82 Ill. 58 | Ill. | 1876

Mr. Chief Justice Sheldon

delivered the opinion of the Court:

This was an action upon a promissory note, for $1575, bearing date December 12, 1873, payable sixty days after date, upon which were indorsed several payments. The plaintiff below recovered, and defendants appealed.

The defense set up was, that the note was given for the purchase money of one horse and sixteen mules; that there was a warranty by the plaintiff that the animals were sound, that eight of the mules were broke mules, and that none of them were less than three years old in the spring of 1874.

Two of the defendants testified on the trial that, on the 12th of December, 1873, they were buying mules for the southern market; that on that day, which was a very rainy, bad day, they went to see plaintiff’s mules; that they found the stock running loose in a lot nearly knee deep in mud. It wTas raining, and they could not well examine them; that they told plaintiff, if they traded, they would have to take his word for the description of the stock. They asked plaintiff all about the mules and a horse they saw in the lot. Plaintiff said the horse was a good, sound horse; that plaintiff represented all the mules were two years old past; that they were all sound as a dollar, and all right, so far as he knew; that six or eight (witness thought it was eight,) of the mules were broke mules; that they might rely upon this; that the stock was exactly as he had told them; that witnesses told plaintiff that if they bought the stock at all, they would have to buy it upon his representations of the quality; that he replied, “ all right, you can do so. I am a man of my word, and you will find it so.” Whereupon they took the stock, drew up the note sued on, and drove the stock away.

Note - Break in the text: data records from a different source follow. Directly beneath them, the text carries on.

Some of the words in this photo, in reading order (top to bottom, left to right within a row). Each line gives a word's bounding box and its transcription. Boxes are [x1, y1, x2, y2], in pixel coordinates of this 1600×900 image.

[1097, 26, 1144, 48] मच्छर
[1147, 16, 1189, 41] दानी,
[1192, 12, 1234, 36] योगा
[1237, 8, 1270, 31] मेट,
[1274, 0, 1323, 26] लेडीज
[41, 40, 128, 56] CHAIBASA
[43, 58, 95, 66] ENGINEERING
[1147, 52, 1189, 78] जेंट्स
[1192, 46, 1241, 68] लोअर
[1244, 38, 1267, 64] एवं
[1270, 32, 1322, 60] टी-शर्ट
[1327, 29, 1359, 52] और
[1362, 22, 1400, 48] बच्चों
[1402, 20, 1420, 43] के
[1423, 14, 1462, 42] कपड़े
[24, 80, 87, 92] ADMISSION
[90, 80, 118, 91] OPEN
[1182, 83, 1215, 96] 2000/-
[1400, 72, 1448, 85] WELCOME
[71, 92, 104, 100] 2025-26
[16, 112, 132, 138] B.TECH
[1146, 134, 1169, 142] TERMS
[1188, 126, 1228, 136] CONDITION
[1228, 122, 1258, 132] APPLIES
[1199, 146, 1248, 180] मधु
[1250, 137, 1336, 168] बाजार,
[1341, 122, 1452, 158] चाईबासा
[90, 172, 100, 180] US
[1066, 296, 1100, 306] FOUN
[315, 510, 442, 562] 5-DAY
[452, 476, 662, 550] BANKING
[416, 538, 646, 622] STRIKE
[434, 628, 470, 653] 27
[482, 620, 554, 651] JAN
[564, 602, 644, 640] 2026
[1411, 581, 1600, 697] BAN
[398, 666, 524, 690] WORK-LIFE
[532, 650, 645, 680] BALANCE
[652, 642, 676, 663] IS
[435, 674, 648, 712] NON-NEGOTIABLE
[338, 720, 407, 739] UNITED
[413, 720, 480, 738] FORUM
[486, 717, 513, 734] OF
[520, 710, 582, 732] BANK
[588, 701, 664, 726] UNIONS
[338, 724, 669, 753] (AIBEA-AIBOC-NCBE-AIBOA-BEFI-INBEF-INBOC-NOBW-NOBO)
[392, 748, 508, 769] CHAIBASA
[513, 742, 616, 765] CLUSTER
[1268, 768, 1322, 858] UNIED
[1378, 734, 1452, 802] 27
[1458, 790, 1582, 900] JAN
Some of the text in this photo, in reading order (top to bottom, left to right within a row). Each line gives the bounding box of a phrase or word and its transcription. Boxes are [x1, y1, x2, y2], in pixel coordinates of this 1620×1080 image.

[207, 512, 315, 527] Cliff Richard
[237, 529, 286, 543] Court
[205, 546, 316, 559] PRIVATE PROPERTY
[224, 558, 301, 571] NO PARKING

The witnesses were then asked whether the horse and mules proved to have been sound or not, at the time of the purchase; and if any of the plaintiff’s representations as to the character of the stock were untrue, to state in what particular, and what damages, if any, resulted therefrom. The questions were objected to, and the objections sustained by the court, and the questions excluded on the ground that the contract of sale did not amount to a warranty of the quality or condition of the stock. And thereupon the jury were discharged by agreement, and the court rendered a judgment for plaintiff for the. sum of $453.34, the balance appearing to be due upon the note after deducting the credits indorsed.

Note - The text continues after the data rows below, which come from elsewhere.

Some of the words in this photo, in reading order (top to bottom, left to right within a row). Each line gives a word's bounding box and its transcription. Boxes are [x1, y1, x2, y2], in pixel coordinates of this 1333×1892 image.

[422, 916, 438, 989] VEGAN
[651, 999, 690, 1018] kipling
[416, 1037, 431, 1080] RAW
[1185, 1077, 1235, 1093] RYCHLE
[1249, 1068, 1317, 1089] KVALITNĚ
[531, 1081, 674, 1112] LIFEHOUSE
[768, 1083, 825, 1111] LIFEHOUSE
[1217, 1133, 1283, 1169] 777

Ho particular words or form of expression is necessary to create a warranty, but there is a distinction as to the legal effect of expressions when used in reference to a matter of fact, and when used to express an impression or opinion. Where the representation is positive, and relates to a matter of fact, it constitutes a warranty, as, that a ship is an American or French ship, or that the crew consists of so many hands. 3 Mann. & Ryland, 2.

In Hawkins v. Berry, 5 Gilm. 36, it was laid down that, to constitute a warranty, the term “warrant” need not be used, nor is any precise form of expression required; but there must be an affirmation as to the quality or condition of the thing sold, (not asserted as a matter of opinion or belief,) made by the seller at the time of the sale, for the purpose of assuring the buyer of the truth of the fact affirmed, and inducing him to make the purchase, which is so received and relied on by the purchaser. And see Reed v. Hastings, 61 Ill. 266; McClure v. Williams, 65 id. 390.

The evidence here certainly tended to prove a warranty as above defined, and presented a fair question for the jury, and the court below assumed too much, and trenched upon the province of the jury in deciding there was no warranty proved, and excluding evidence of any breach of the alleged warranty.

The judgment will be reversed and the cause remanded.

Judgment reversed.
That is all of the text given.